Free-text object descriptions
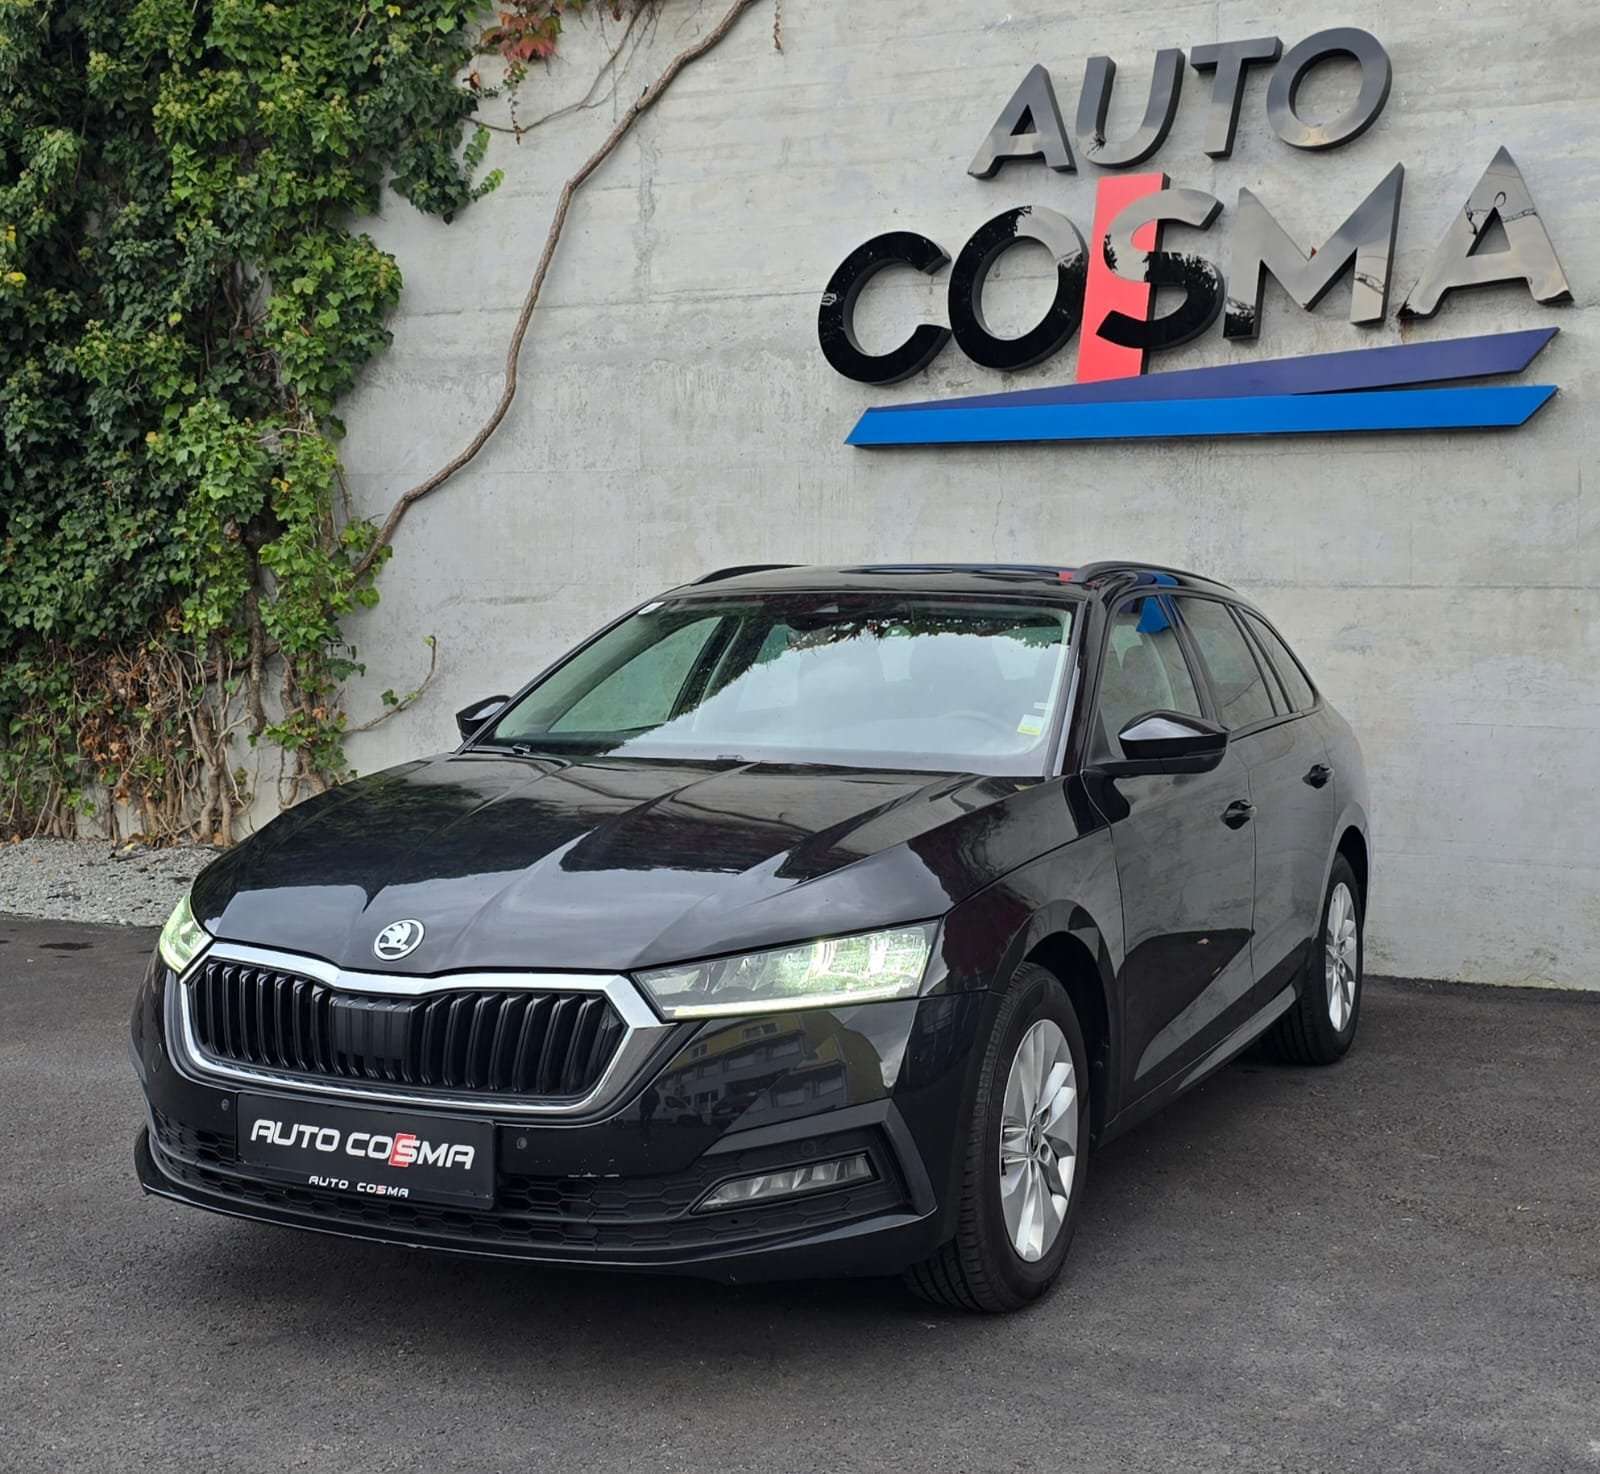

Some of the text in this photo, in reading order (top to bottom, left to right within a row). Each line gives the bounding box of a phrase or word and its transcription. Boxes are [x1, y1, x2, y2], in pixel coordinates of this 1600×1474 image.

[967, 27, 1392, 179] AUTO
[817, 145, 1575, 385] COSMA
[250, 1119, 475, 1170] AUTO COSMA
[308, 1175, 409, 1198] AUTO COSMA
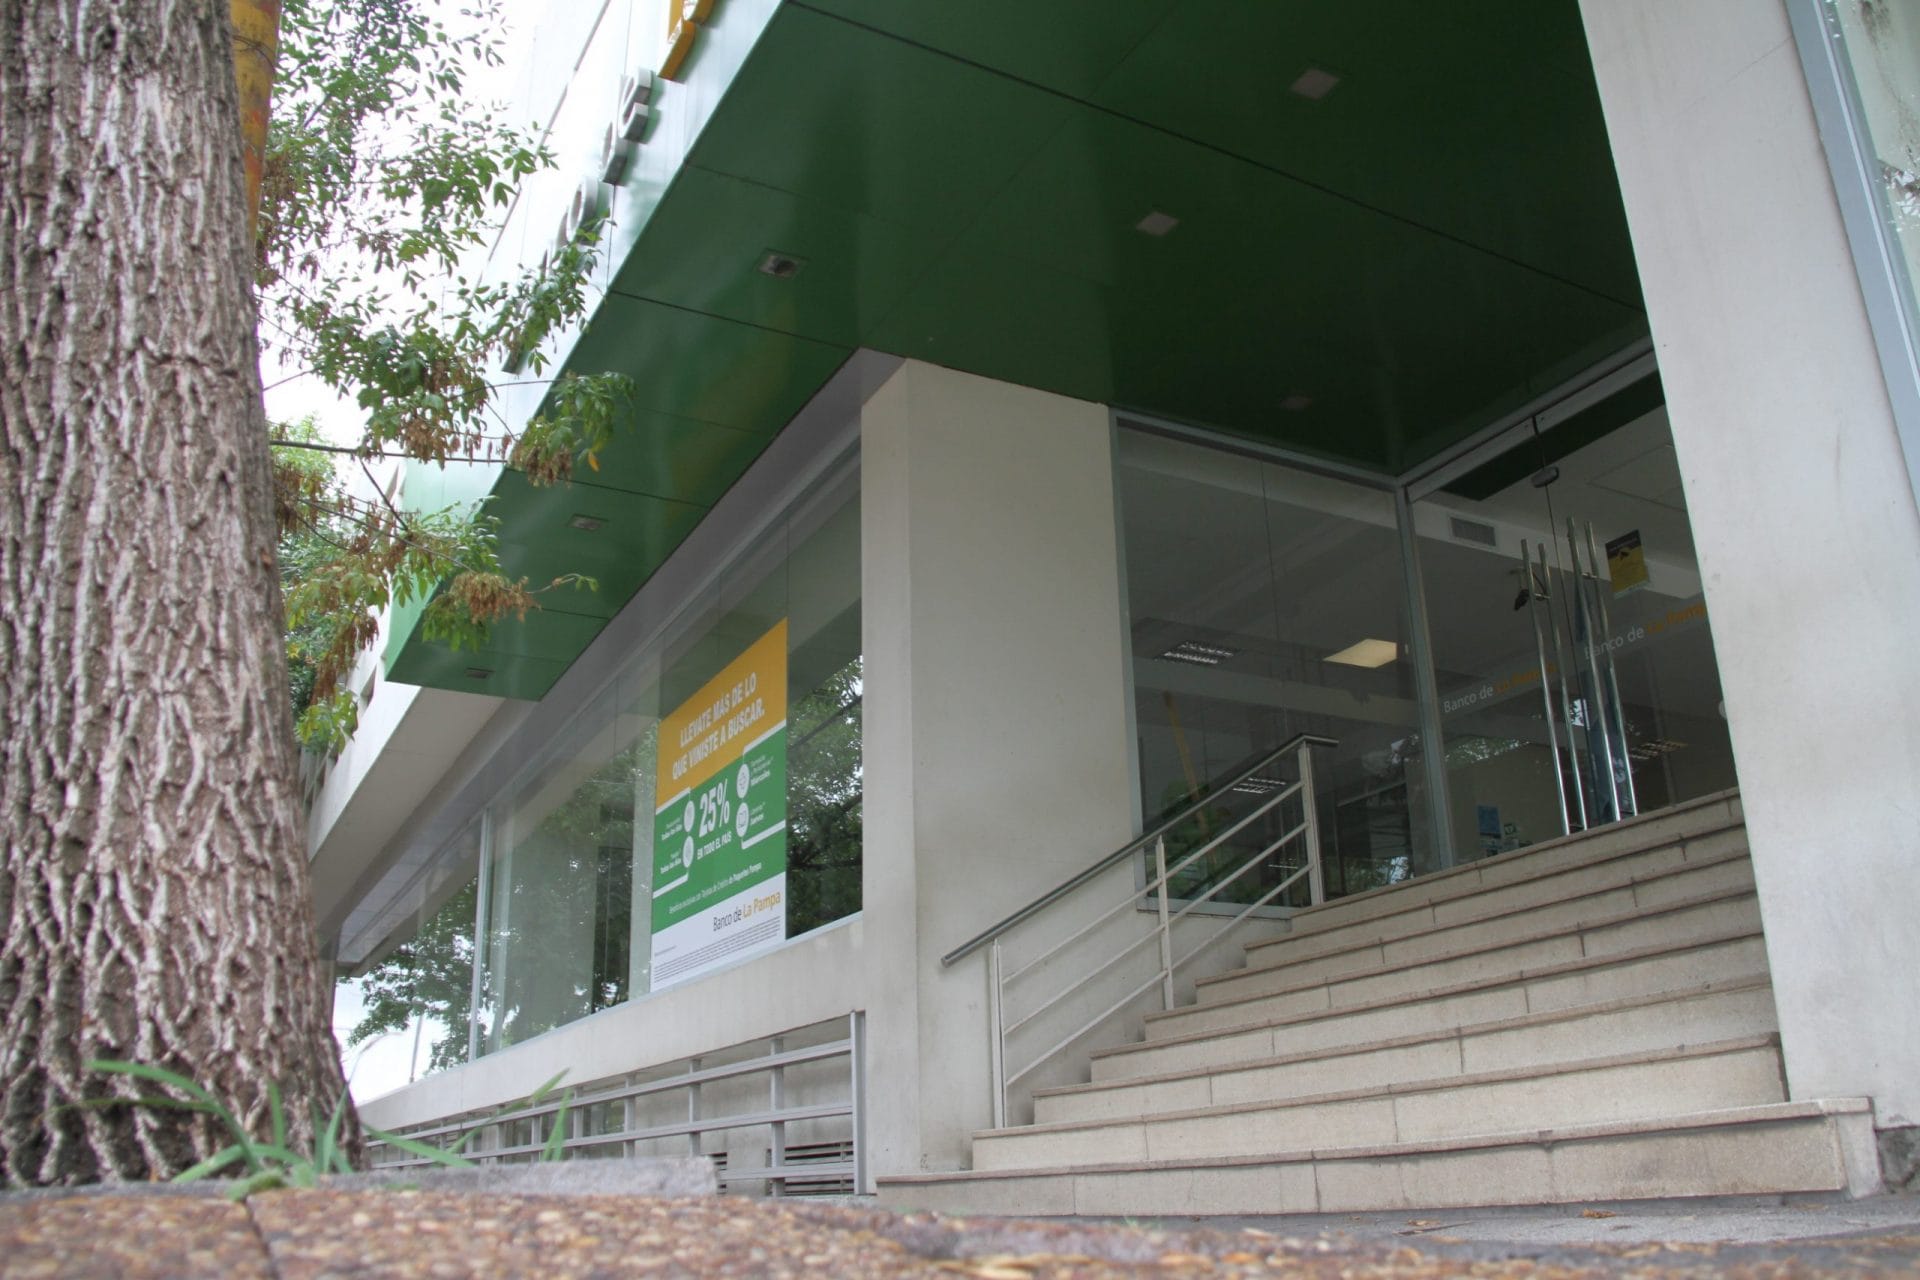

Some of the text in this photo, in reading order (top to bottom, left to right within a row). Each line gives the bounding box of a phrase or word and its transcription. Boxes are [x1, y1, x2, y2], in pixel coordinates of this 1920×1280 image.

[1627, 627, 1646, 643] de
[731, 683, 743, 706] DE
[744, 672, 757, 697] LO
[1443, 692, 1477, 714] Banco
[1478, 685, 1494, 699] de
[672, 754, 687, 780] QUE
[689, 733, 718, 767] VINISTE
[719, 725, 727, 746] A
[698, 778, 730, 838] 25%
[713, 892, 781, 932] Banco de La Pampa

◆ WHAT YOU NEED TO DO ◆
A faithful copy of all the lines above is needed, with the pictures omitted.

◆ EXERCISE OUTPUT ◆
Some of the text in this photo, in reading order (top to bottom, left to right within a row). Each line gives the bounding box of a phrase or word and its transcription. Boxes are [x1, y1, x2, y2], in pixel coordinates of this 1600×1474 image.

[967, 27, 1392, 179] AUTO
[817, 145, 1575, 385] COSMA
[250, 1119, 475, 1170] AUTO COSMA
[308, 1175, 409, 1198] AUTO COSMA

Some of the text in this photo, in reading order (top to bottom, left to right within a row). Each line gives the bounding box of a phrase or word and its transcription. Boxes are [x1, y1, x2, y2], in pixel coordinates of this 1920×1280 image.

[1627, 627, 1646, 643] de
[731, 683, 743, 706] DE
[744, 672, 757, 697] LO
[1443, 692, 1477, 714] Banco
[1478, 685, 1494, 699] de
[672, 754, 687, 780] QUE
[689, 733, 718, 767] VINISTE
[719, 725, 727, 746] A
[698, 778, 730, 838] 25%
[713, 892, 781, 932] Banco de La Pampa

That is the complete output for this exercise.